[Records contained in a dataset]
○ ○ ○ ○ ○ ○ ○

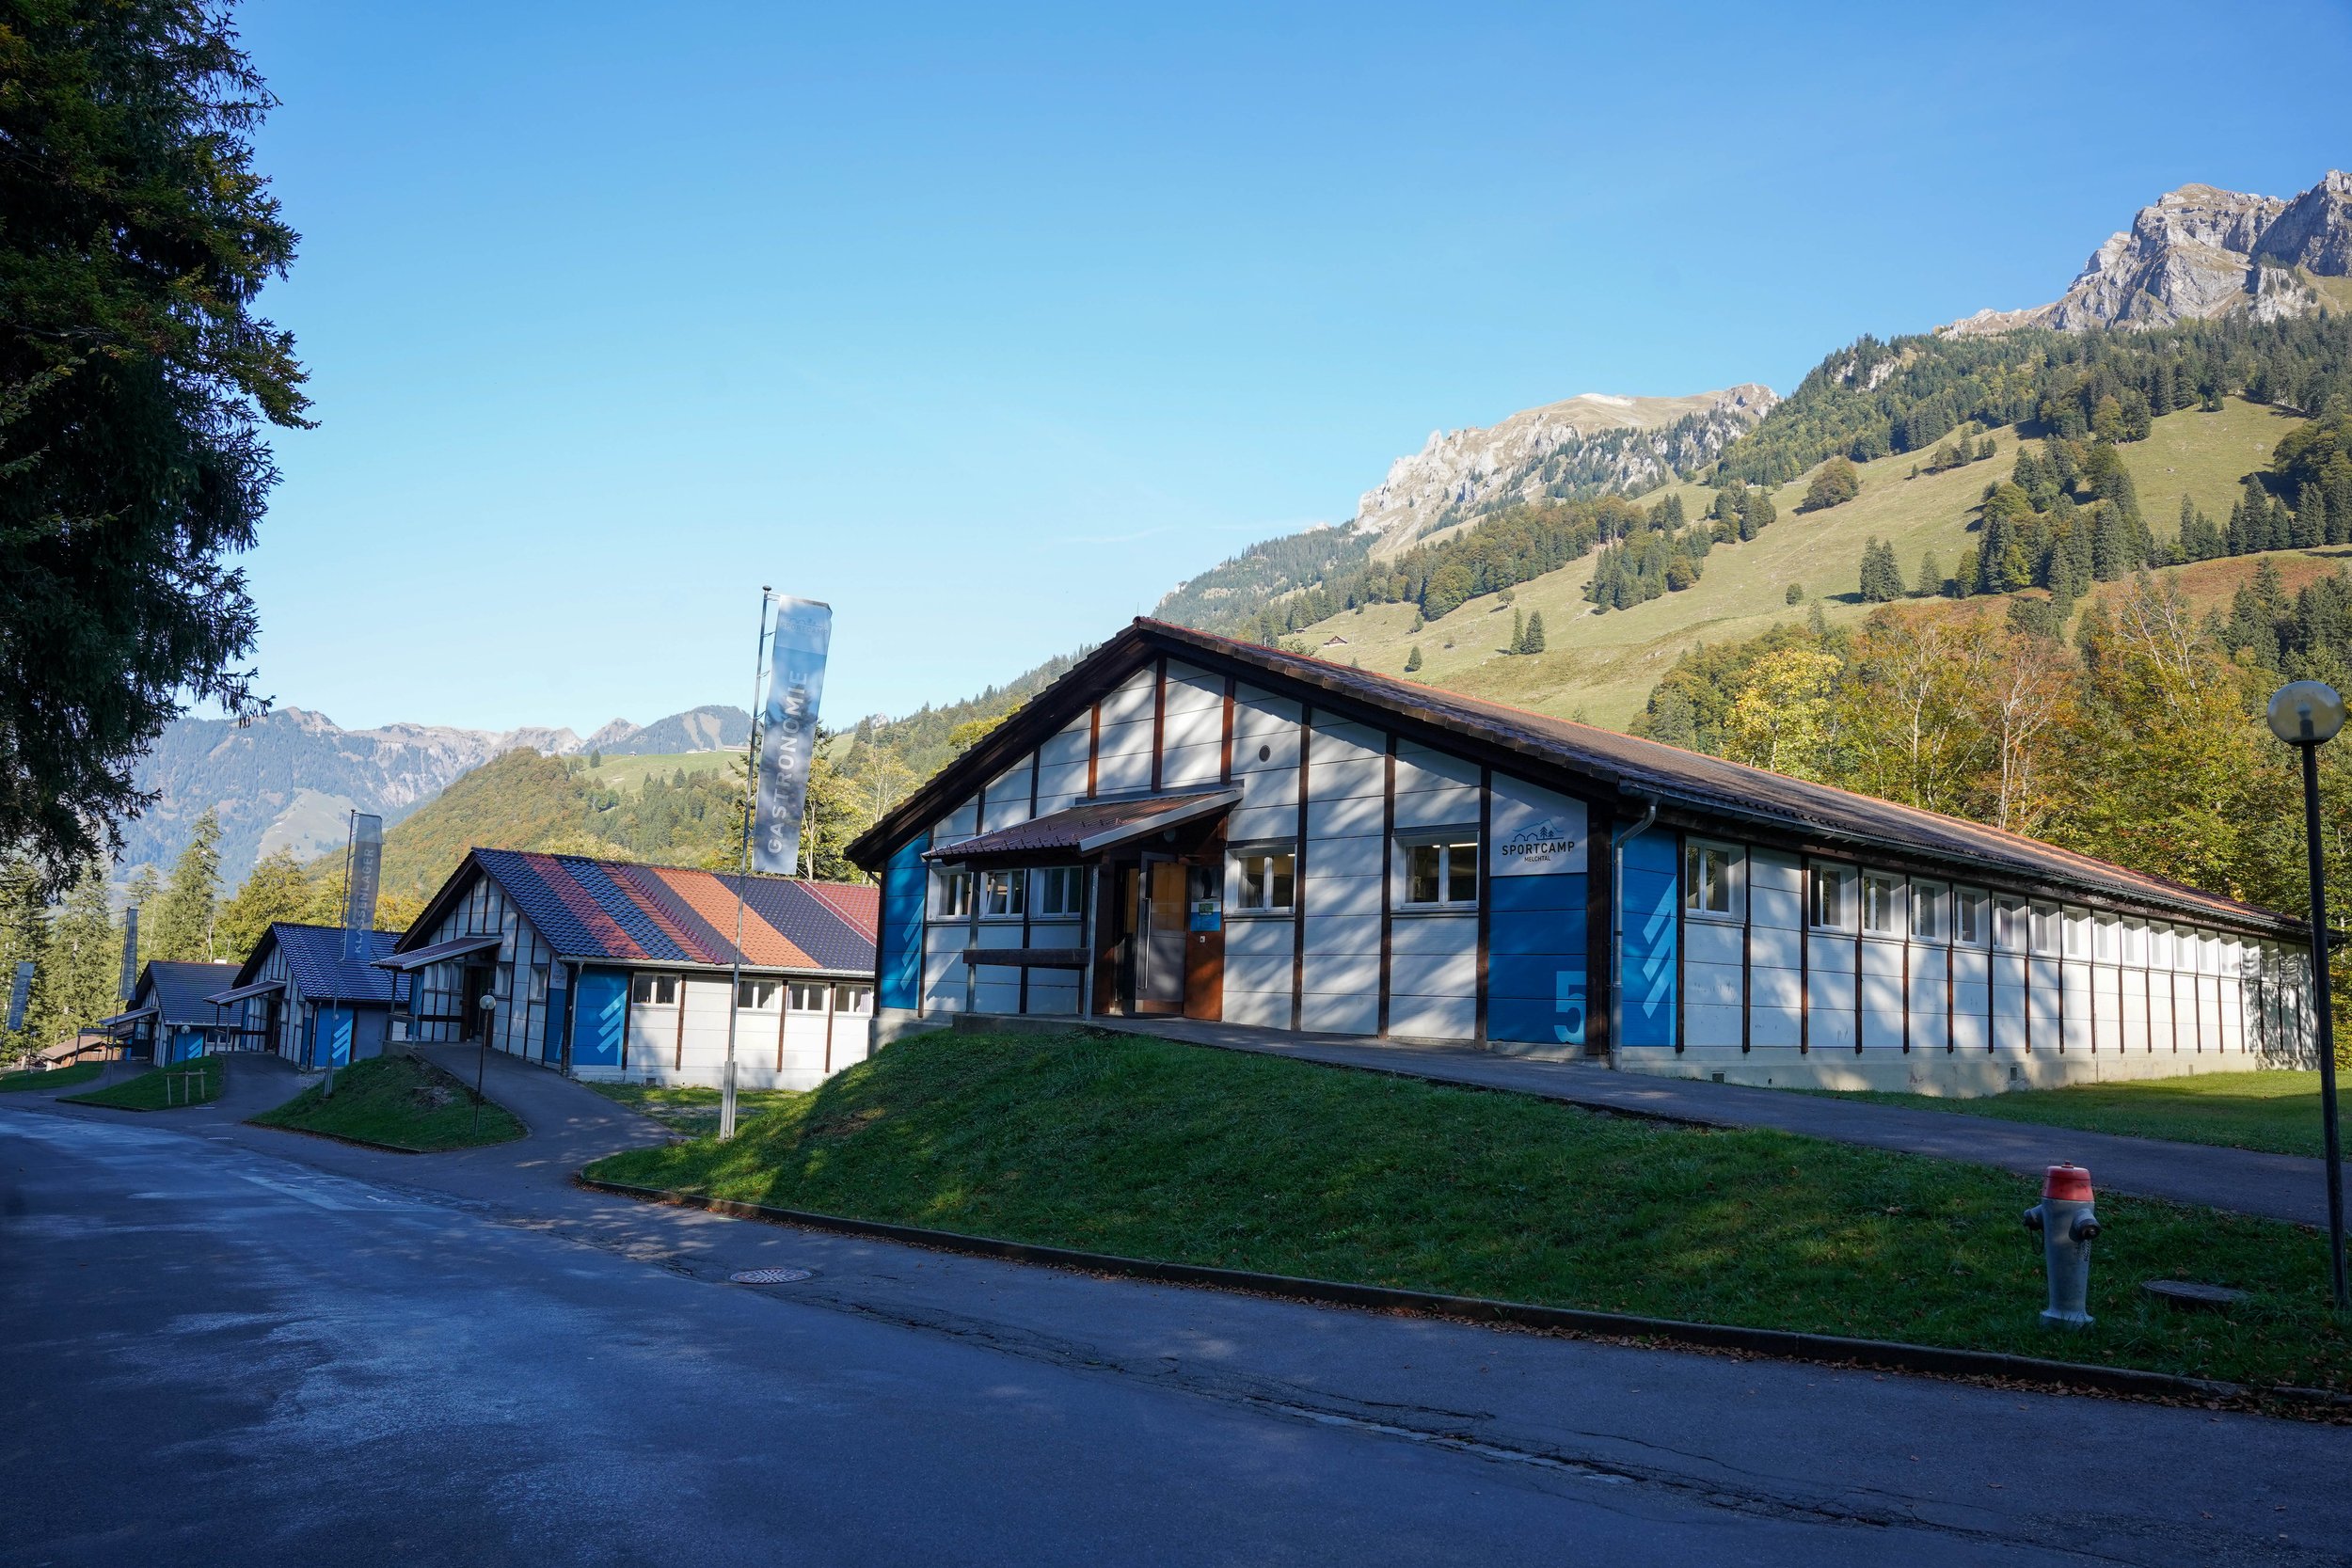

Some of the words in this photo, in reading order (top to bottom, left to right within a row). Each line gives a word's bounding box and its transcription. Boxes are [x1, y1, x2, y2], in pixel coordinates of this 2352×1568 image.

[768, 670, 807, 854] GASTRONOMIE
[1502, 841, 1575, 856] SPORTCAMP
[354, 848, 374, 954] KLASSENLAGER
[1554, 971, 1587, 1044] 5
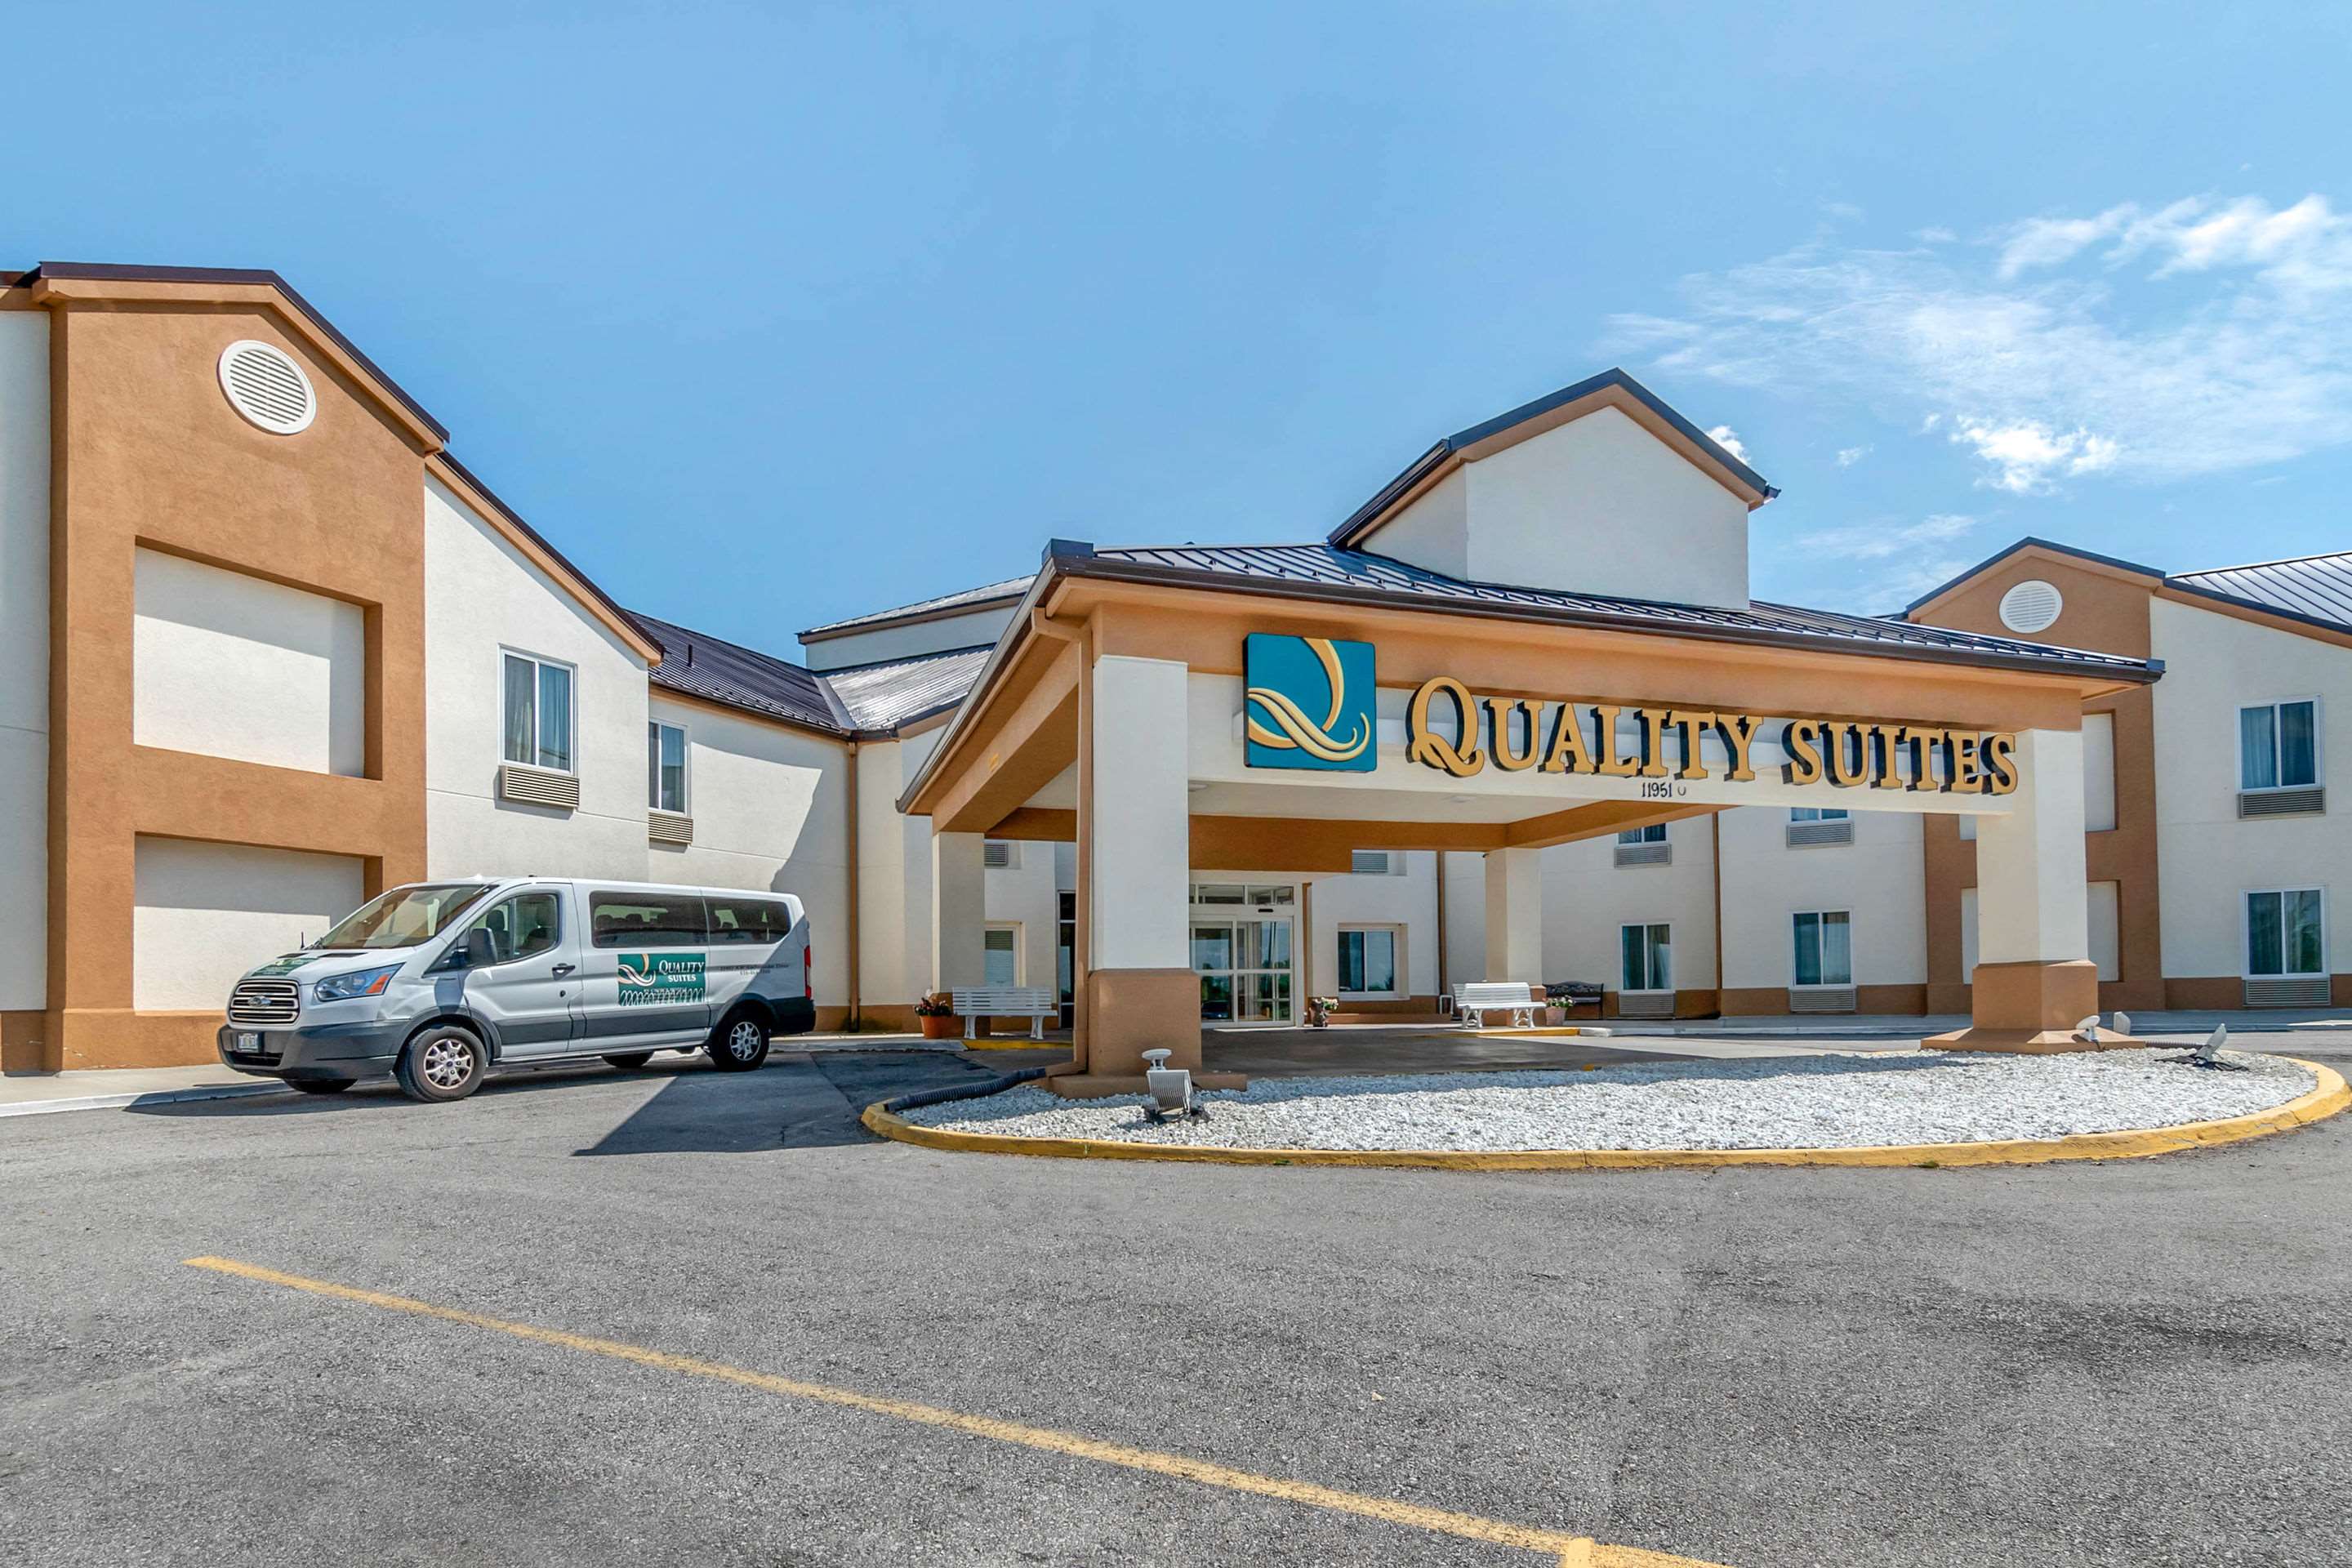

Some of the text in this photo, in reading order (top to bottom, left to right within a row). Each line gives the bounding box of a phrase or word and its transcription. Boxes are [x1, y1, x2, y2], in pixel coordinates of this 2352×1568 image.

○ ○ ○ ○ ○ ○ ○

**WHAT IS EXPECTED**
Once the pictures are removed, write out all of the entries above exactly.

**SOLUTION TO THIS PROBLEM**
Some of the words in this photo, in reading order (top to bottom, left to right within a row). Each line gives a word's bounding box and its transcription. Boxes are [x1, y1, x2, y2], in pixel coordinates of this 2352×1568 image.

[768, 670, 807, 854] GASTRONOMIE
[1502, 841, 1575, 856] SPORTCAMP
[354, 848, 374, 954] KLASSENLAGER
[1554, 971, 1587, 1044] 5

Some of the text in this photo, in reading order (top to bottom, left to right within a row). Each line gives the bounding box of a phrase or word and its transcription. Boxes are [x1, y1, x2, y2], in pixel coordinates of this 2352×1568 image.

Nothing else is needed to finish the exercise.